**WORK ITEM:** Without the pictures, restate all of the data below word for word.

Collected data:
+---+
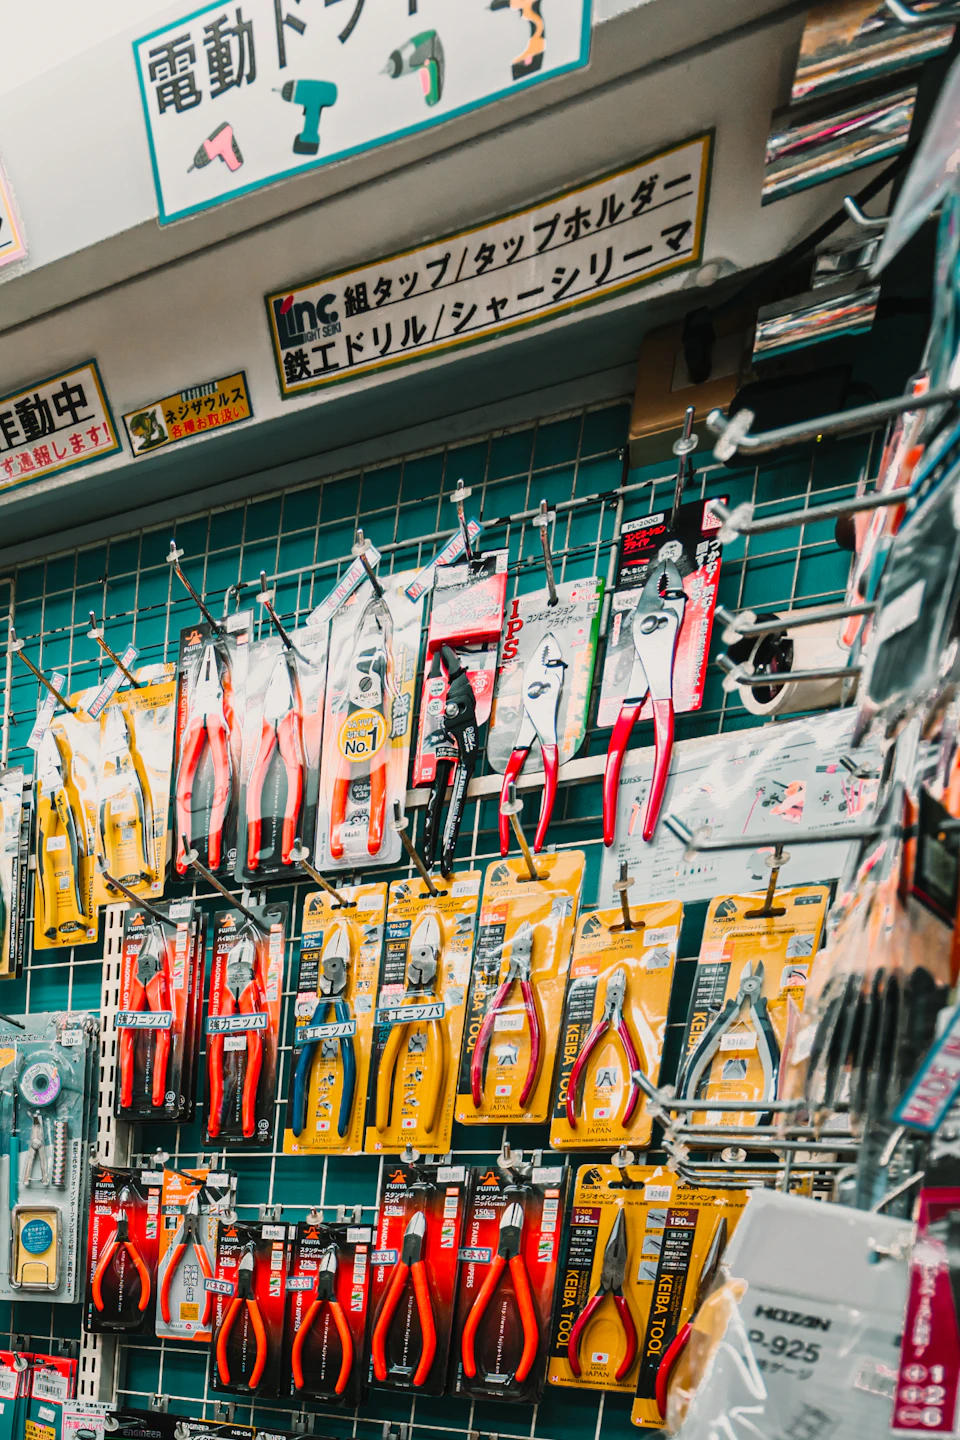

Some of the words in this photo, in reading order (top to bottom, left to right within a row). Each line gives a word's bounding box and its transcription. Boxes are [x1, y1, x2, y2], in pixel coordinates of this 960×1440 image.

[344, 172, 692, 318] 組タップ/タップホルダー
[166, 385, 246, 425] ネジザウルス
[170, 403, 248, 440] 各種お取扱い
[118, 1013, 168, 1027] 強力ニッパ
[209, 1014, 264, 1031] 強力ニッパ
[565, 1023, 581, 1066] KEIBA
[95, 1181, 115, 1190] FUJIYA
[385, 1182, 408, 1191] FUJIYA
[476, 1184, 501, 1192] FUJIYA
[575, 1208, 593, 1216] T-305
[670, 1209, 691, 1218] T-306
[221, 1235, 239, 1243] FUJIYA
[563, 1269, 580, 1308] KEIBA
[655, 1273, 673, 1316] KEIBA
[555, 1311, 570, 1349] TOOL
[647, 1317, 664, 1358] TOOL
+---+
**RESULT:**
Some of the words in this photo, in reading order (top to bottom, left to right within a row). Each line gives a word's bounding box and its transcription. Boxes are [x1, y1, x2, y2], in pixel coordinates of this 960×1440 image.

[344, 172, 692, 318] 組タップ/タップホルダー
[166, 385, 246, 425] ネジザウルス
[170, 403, 248, 440] 各種お取扱い
[118, 1013, 168, 1027] 強力ニッパ
[209, 1014, 264, 1031] 強力ニッパ
[565, 1023, 581, 1066] KEIBA
[95, 1181, 115, 1190] FUJIYA
[385, 1182, 408, 1191] FUJIYA
[476, 1184, 501, 1192] FUJIYA
[575, 1208, 593, 1216] T-305
[670, 1209, 691, 1218] T-306
[221, 1235, 239, 1243] FUJIYA
[563, 1269, 580, 1308] KEIBA
[655, 1273, 673, 1316] KEIBA
[555, 1311, 570, 1349] TOOL
[647, 1317, 664, 1358] TOOL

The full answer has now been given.